Exercise objective: If an entry holds a picture, drop the picture and restate the rest word for word.

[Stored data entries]

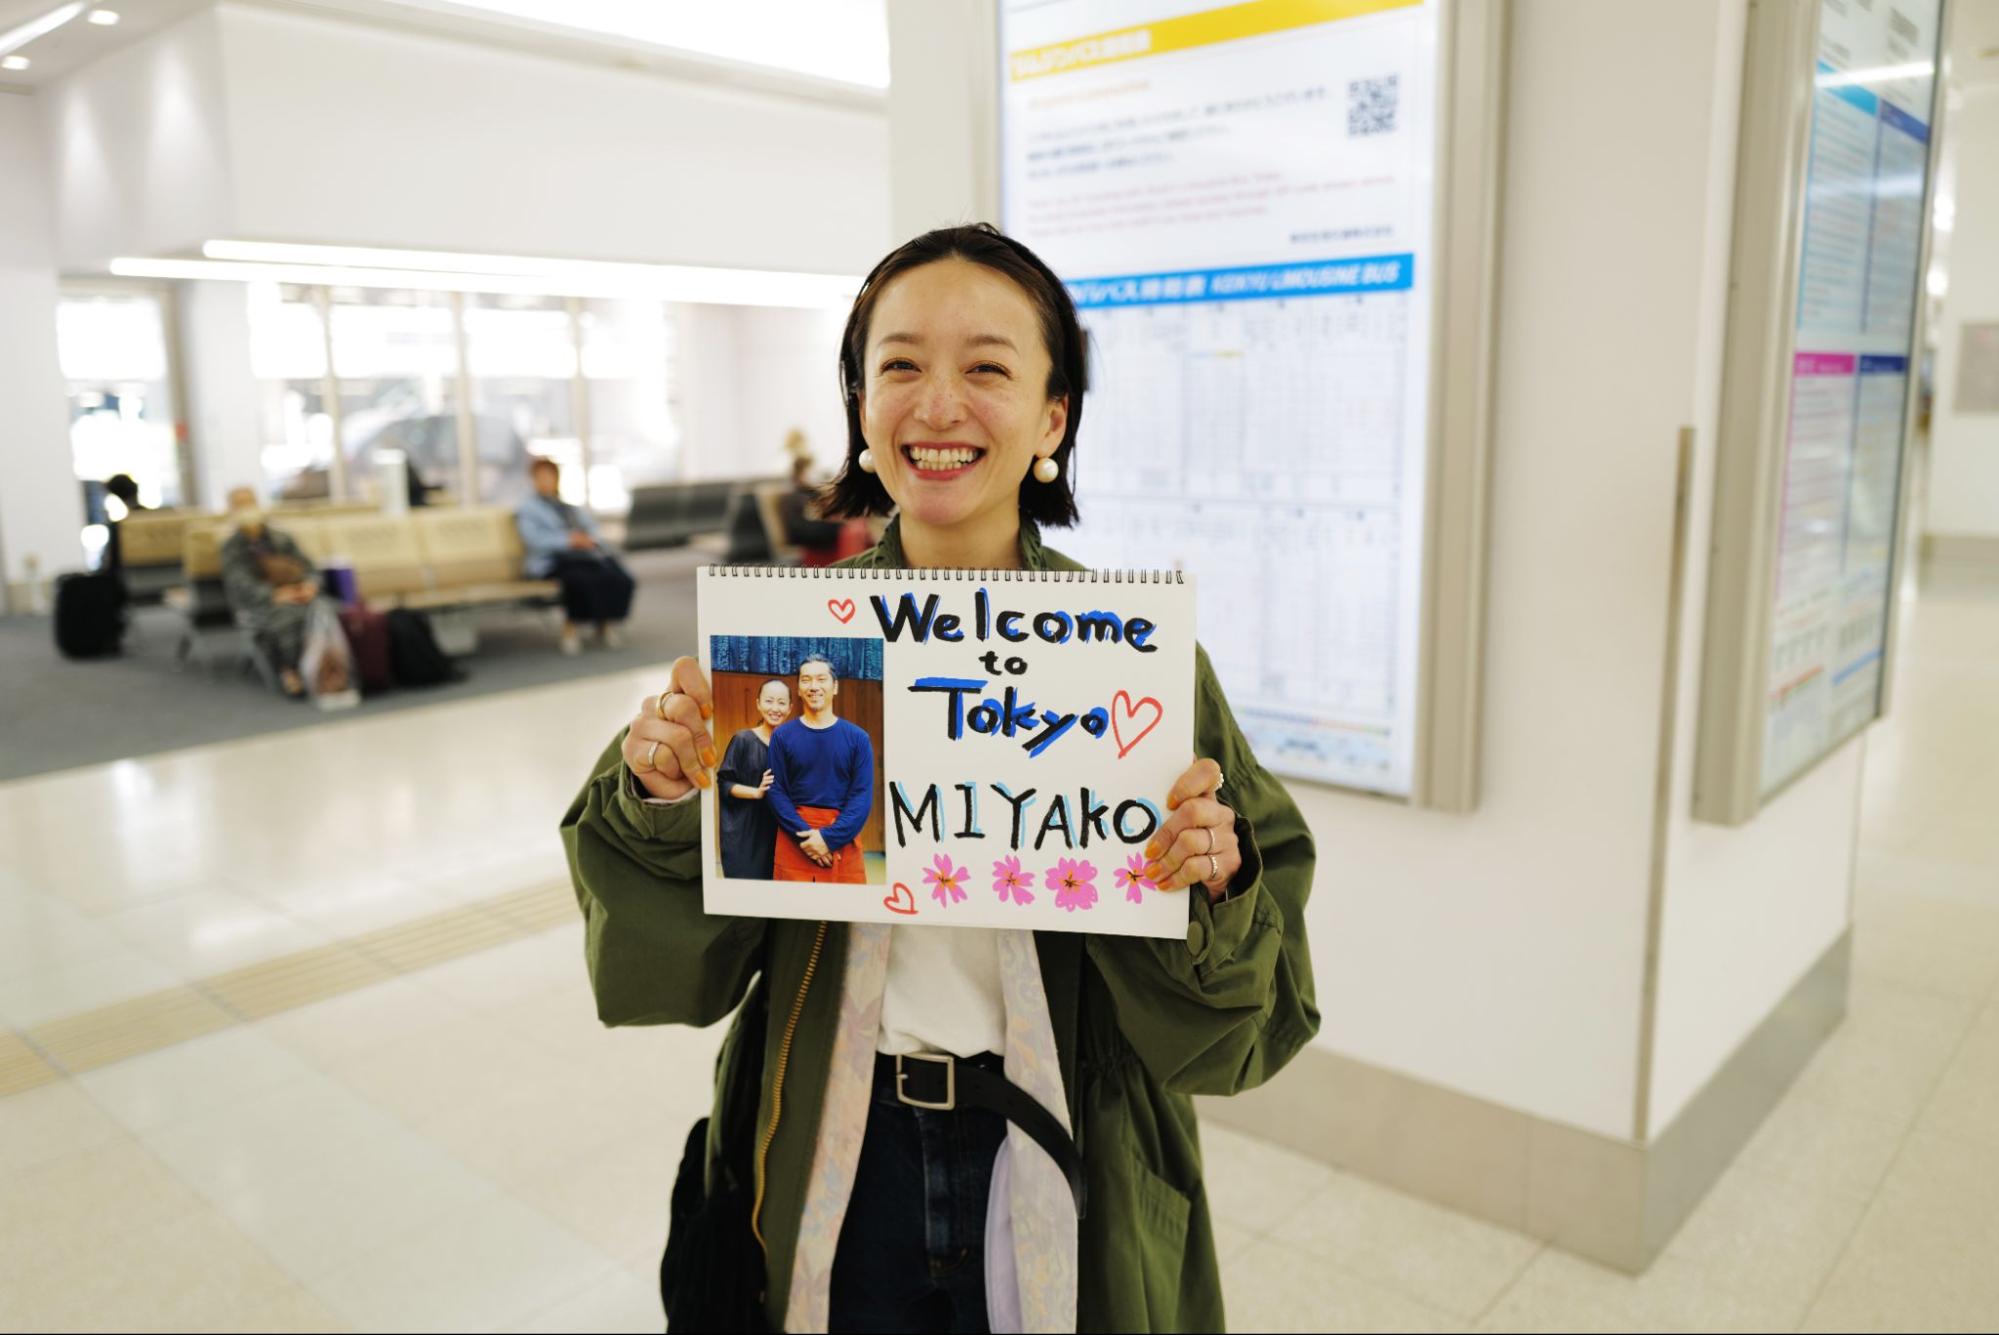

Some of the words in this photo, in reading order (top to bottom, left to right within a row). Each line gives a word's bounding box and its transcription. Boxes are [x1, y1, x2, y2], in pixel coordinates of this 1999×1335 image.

[1361, 261, 1400, 285] BUS
[869, 587, 1159, 653] Welcome
[978, 650, 1029, 677] to
[908, 676, 1110, 759] Tokyo
[889, 780, 1163, 851] MIYAKO
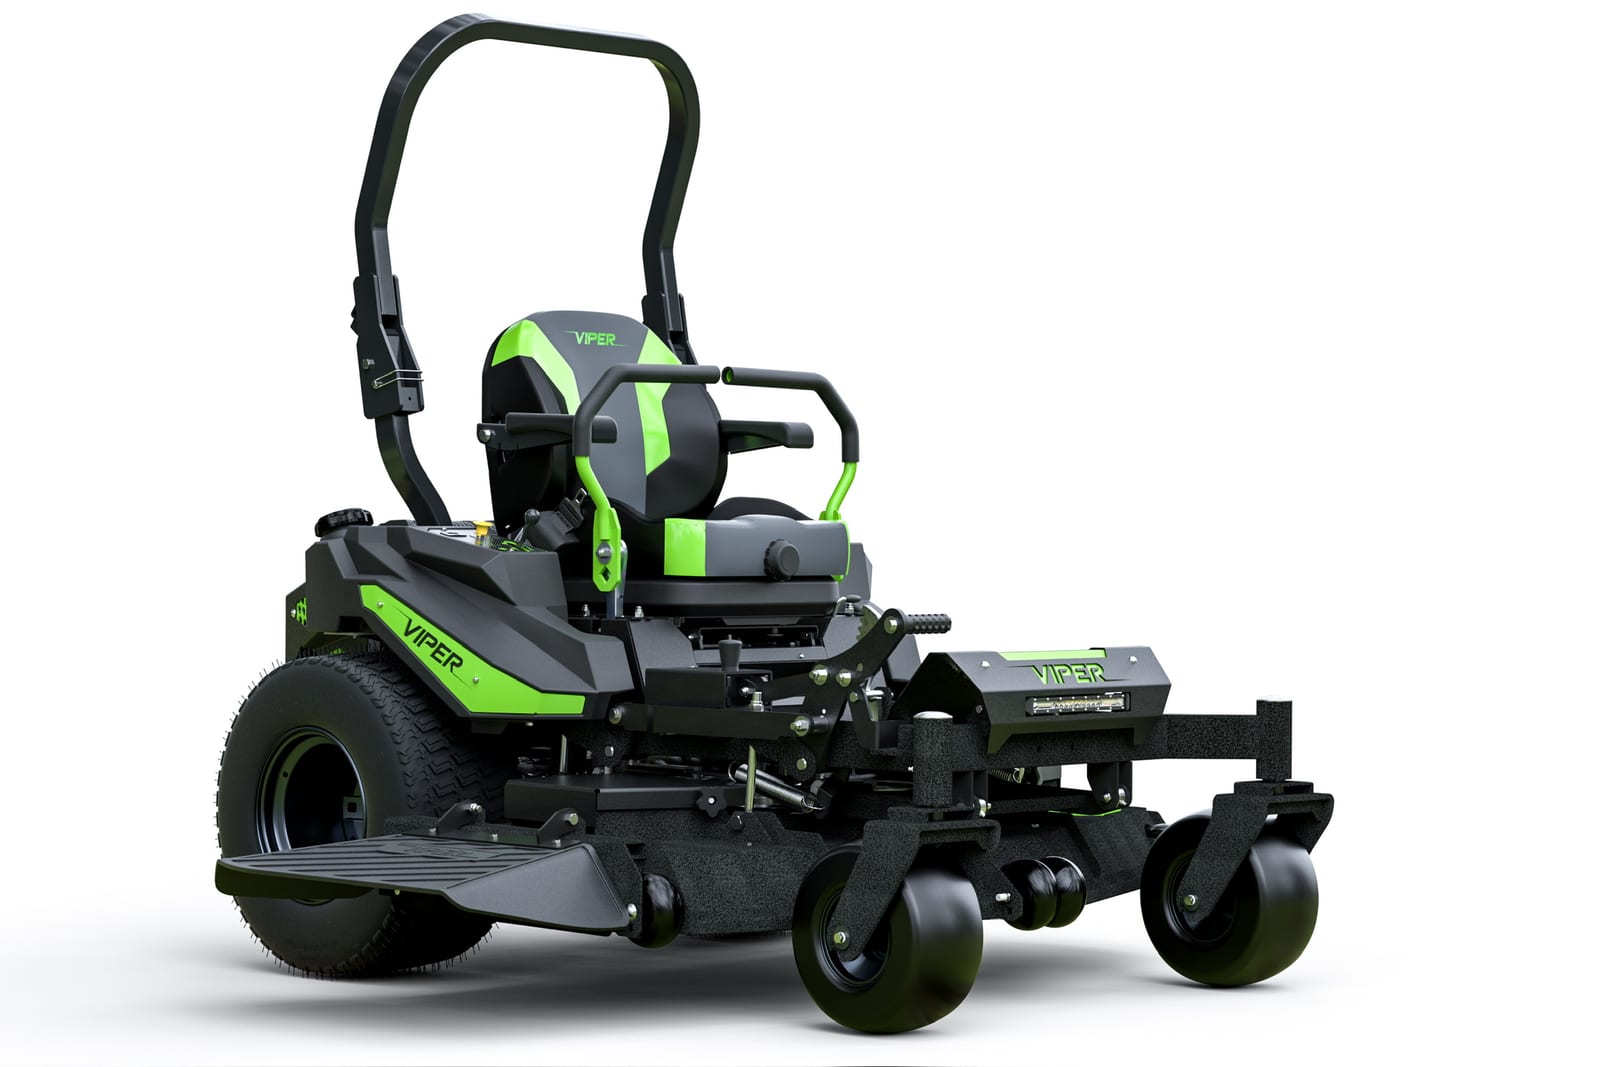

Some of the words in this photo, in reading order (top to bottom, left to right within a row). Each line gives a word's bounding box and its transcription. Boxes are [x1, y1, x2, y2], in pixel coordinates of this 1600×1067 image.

[575, 331, 617, 347] VIPER
[403, 617, 464, 673] VIPER
[1031, 662, 1106, 685] VIPER

Response:
Some of the words in this photo, in reading order (top to bottom, left to right within a row). Each line gives a word's bounding box and its transcription. Boxes are [x1, y1, x2, y2], in pixel coordinates of this 1999×1335 image.

[1361, 261, 1400, 285] BUS
[869, 587, 1159, 653] Welcome
[978, 650, 1029, 677] to
[908, 676, 1110, 759] Tokyo
[889, 780, 1163, 851] MIYAKO

Some of the words in this photo, in reading order (top to bottom, left to right within a row). Each line gives a word's bounding box and its transcription. Boxes are [x1, y1, x2, y2], in pixel coordinates of this 1600×1067 image.

[575, 331, 617, 347] VIPER
[403, 617, 464, 673] VIPER
[1031, 662, 1106, 685] VIPER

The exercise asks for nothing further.